Supplied records.
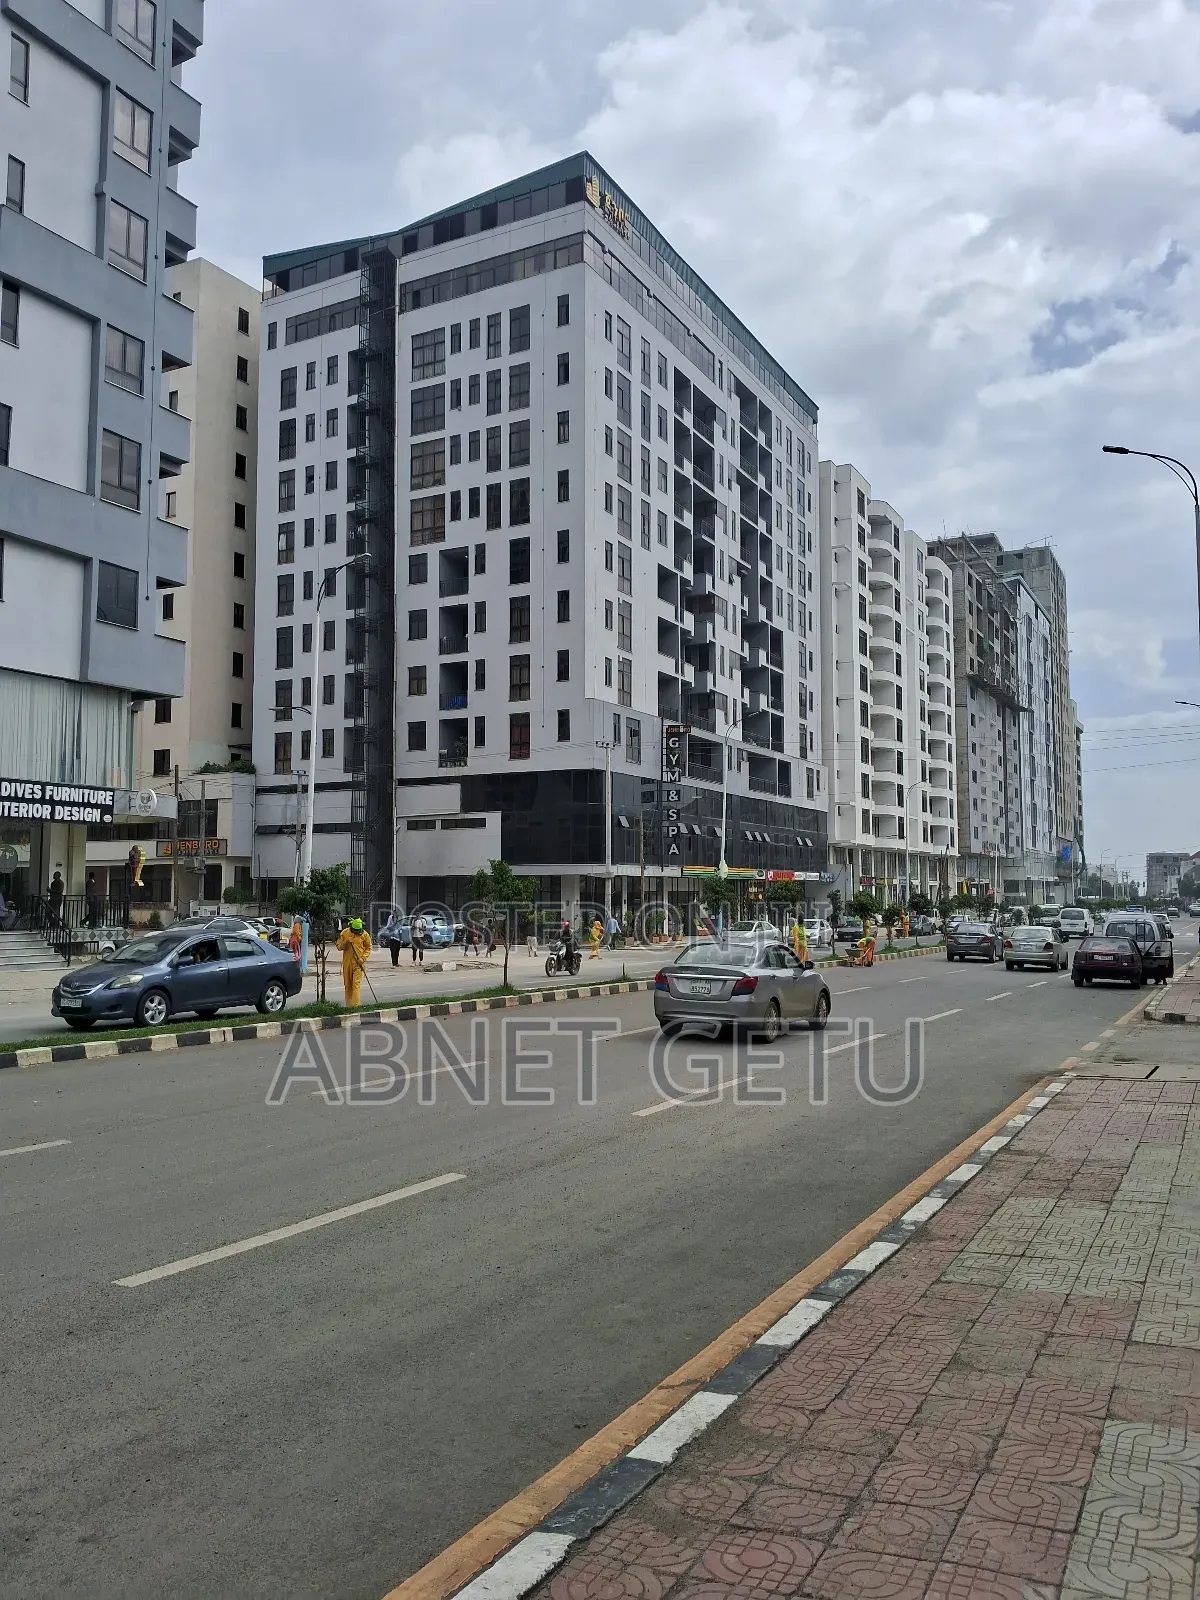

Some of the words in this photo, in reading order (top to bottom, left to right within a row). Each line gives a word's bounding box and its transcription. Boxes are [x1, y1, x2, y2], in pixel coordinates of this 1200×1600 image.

[668, 737, 679, 782] GYM
[1, 781, 42, 799] DIVES
[45, 785, 114, 806] FURNITURE
[668, 790, 679, 802] &
[54, 805, 101, 823] DESIGN
[668, 809, 680, 855] SPA
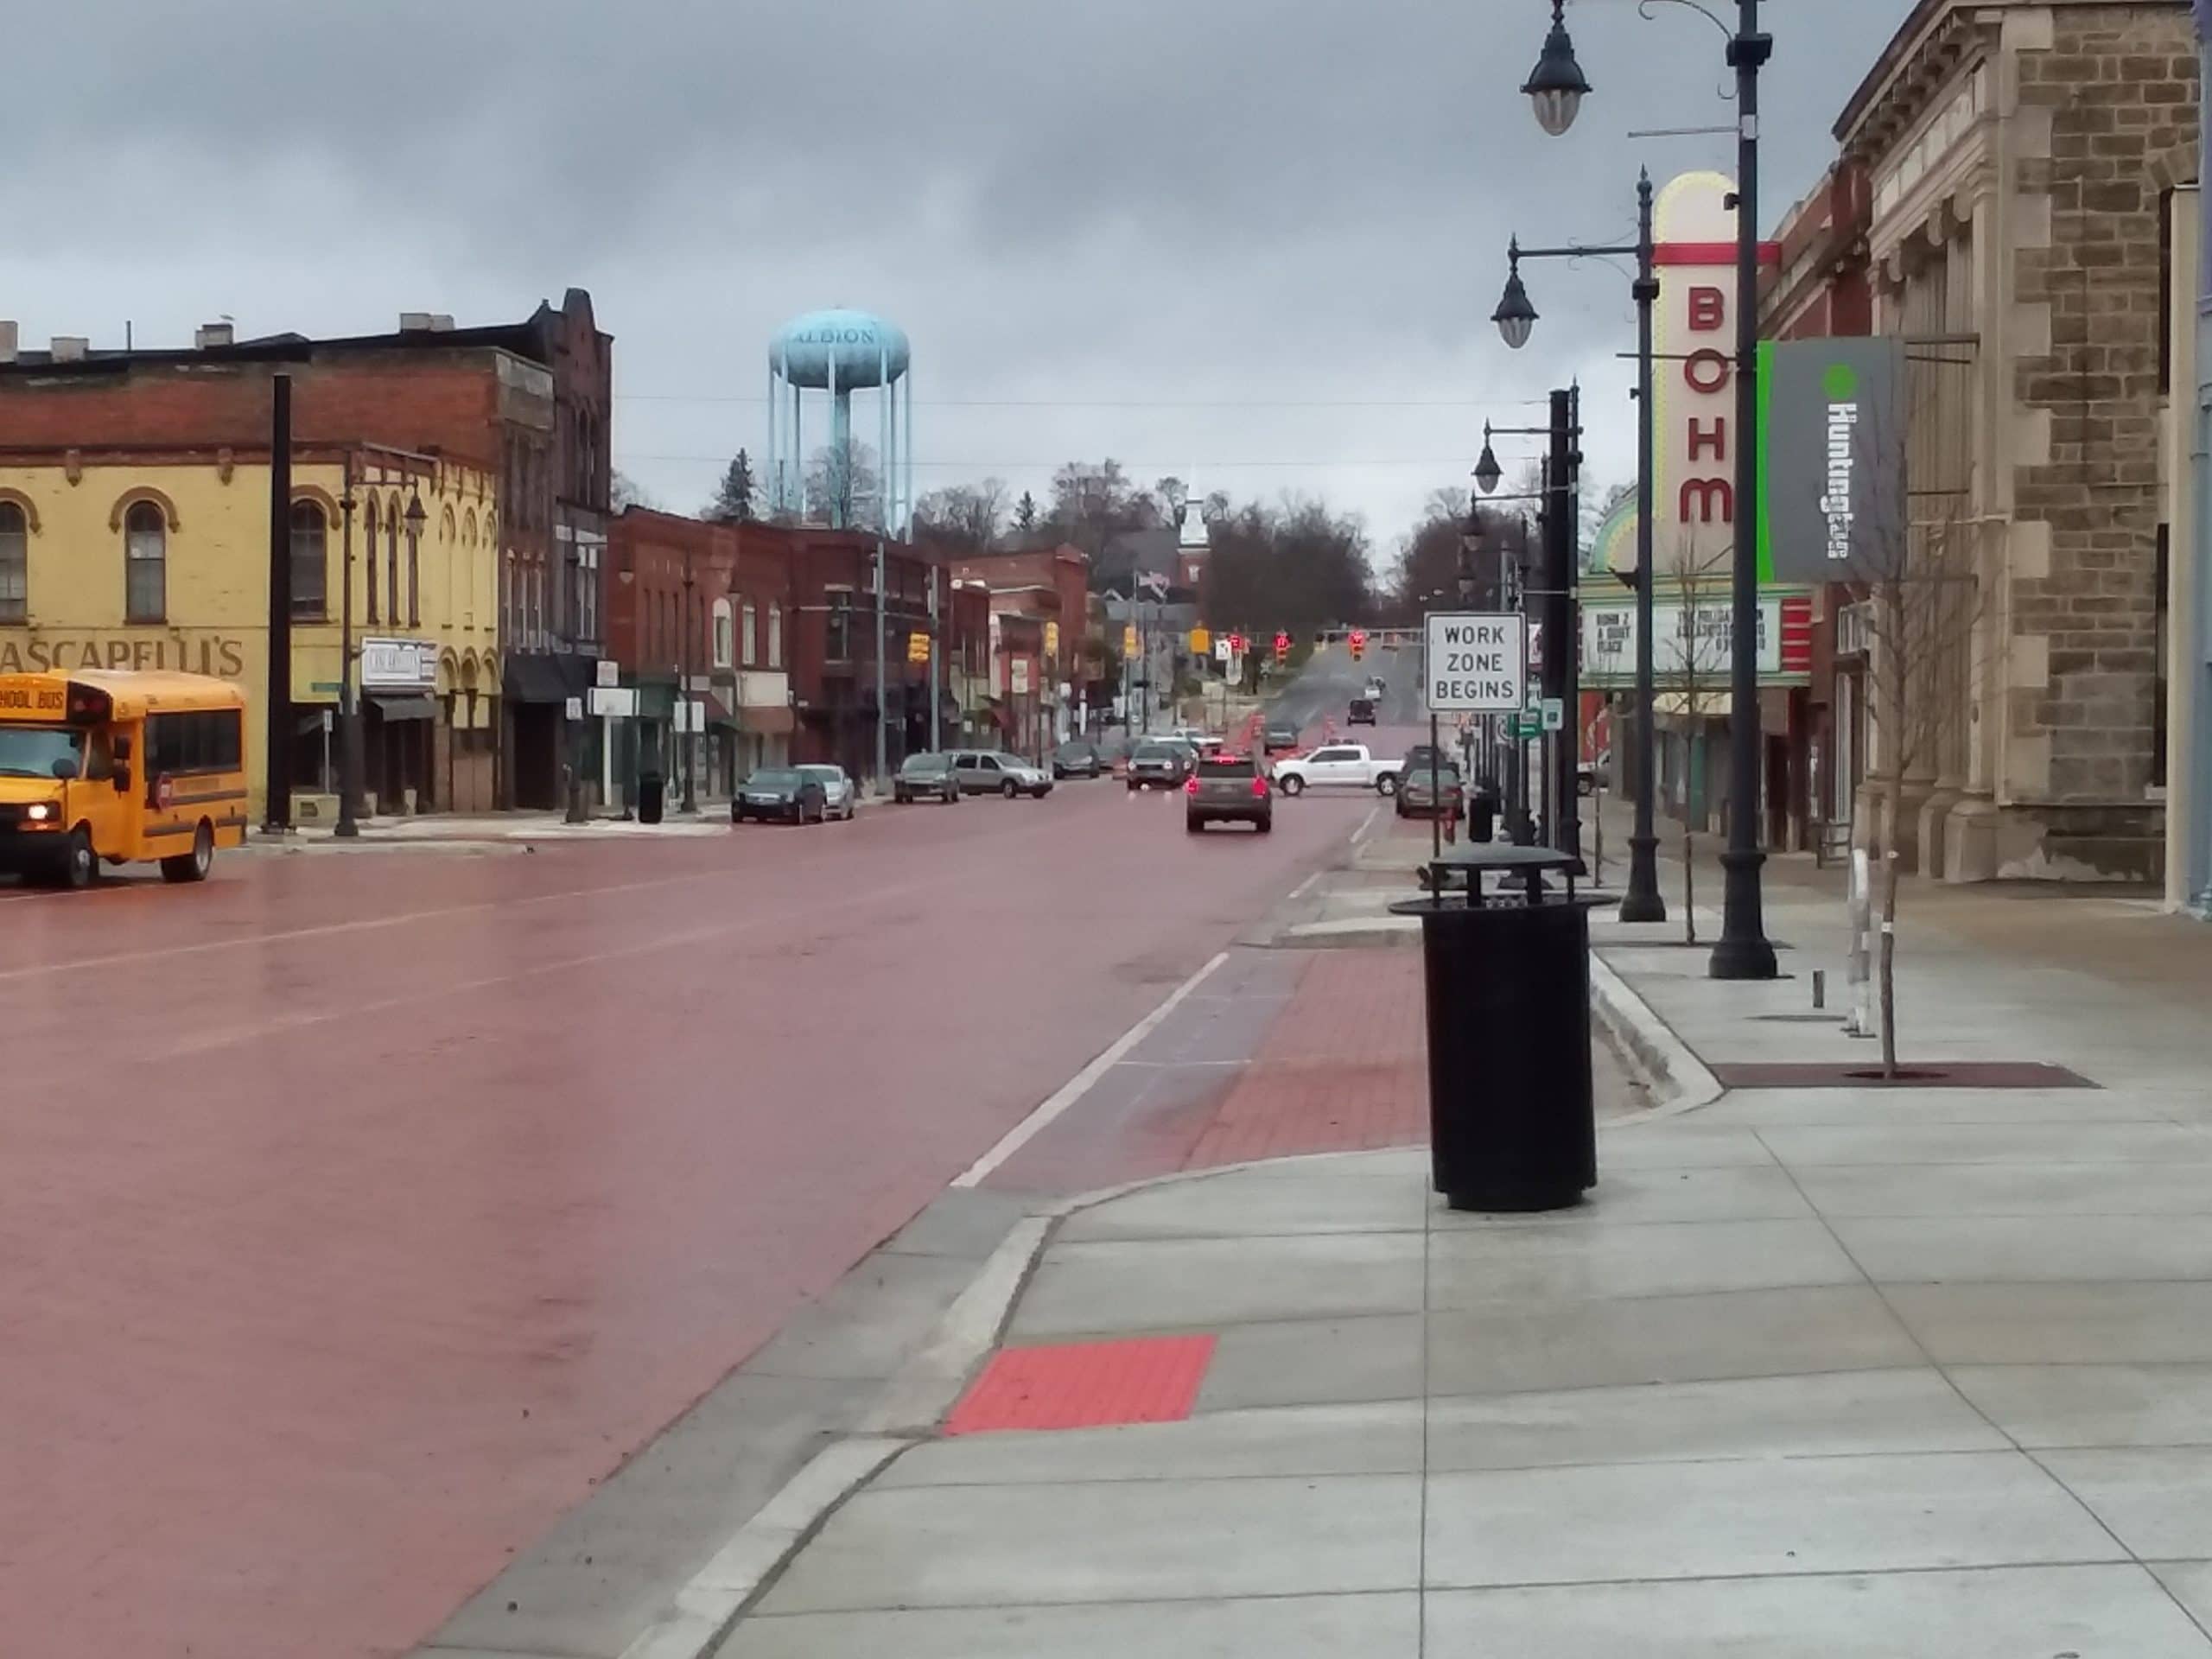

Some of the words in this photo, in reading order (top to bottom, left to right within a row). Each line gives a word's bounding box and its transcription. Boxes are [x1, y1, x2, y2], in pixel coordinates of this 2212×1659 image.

[793, 328, 874, 344] ALBION
[1680, 287, 1732, 523] BOHM
[1444, 626, 1504, 644] WORK
[1446, 653, 1503, 671] ZONE
[1435, 680, 1514, 699] BEGINS
[37, 690, 63, 709] BUS

What you will do. Without the pictures, restate all of the entries above verbatim.

Result for this exercise.
Some of the words in this photo, in reading order (top to bottom, left to right within a row). Each line gives a word's bounding box and its transcription. Boxes are [x1, y1, x2, y2], in pixel coordinates of this 1200×1600 image.

[668, 737, 679, 782] GYM
[1, 781, 42, 799] DIVES
[45, 785, 114, 806] FURNITURE
[668, 790, 679, 802] &
[54, 805, 101, 823] DESIGN
[668, 809, 680, 855] SPA

Some of the words in this photo, in reading order (top to bottom, left to right within a row). Each line gives a word's bounding box and its transcription. Boxes are [x1, y1, x2, y2], in pixel coordinates of this 2212×1659 image.

[793, 328, 874, 344] ALBION
[1680, 287, 1732, 523] BOHM
[1444, 626, 1504, 644] WORK
[1446, 653, 1503, 671] ZONE
[1435, 680, 1514, 699] BEGINS
[37, 690, 63, 709] BUS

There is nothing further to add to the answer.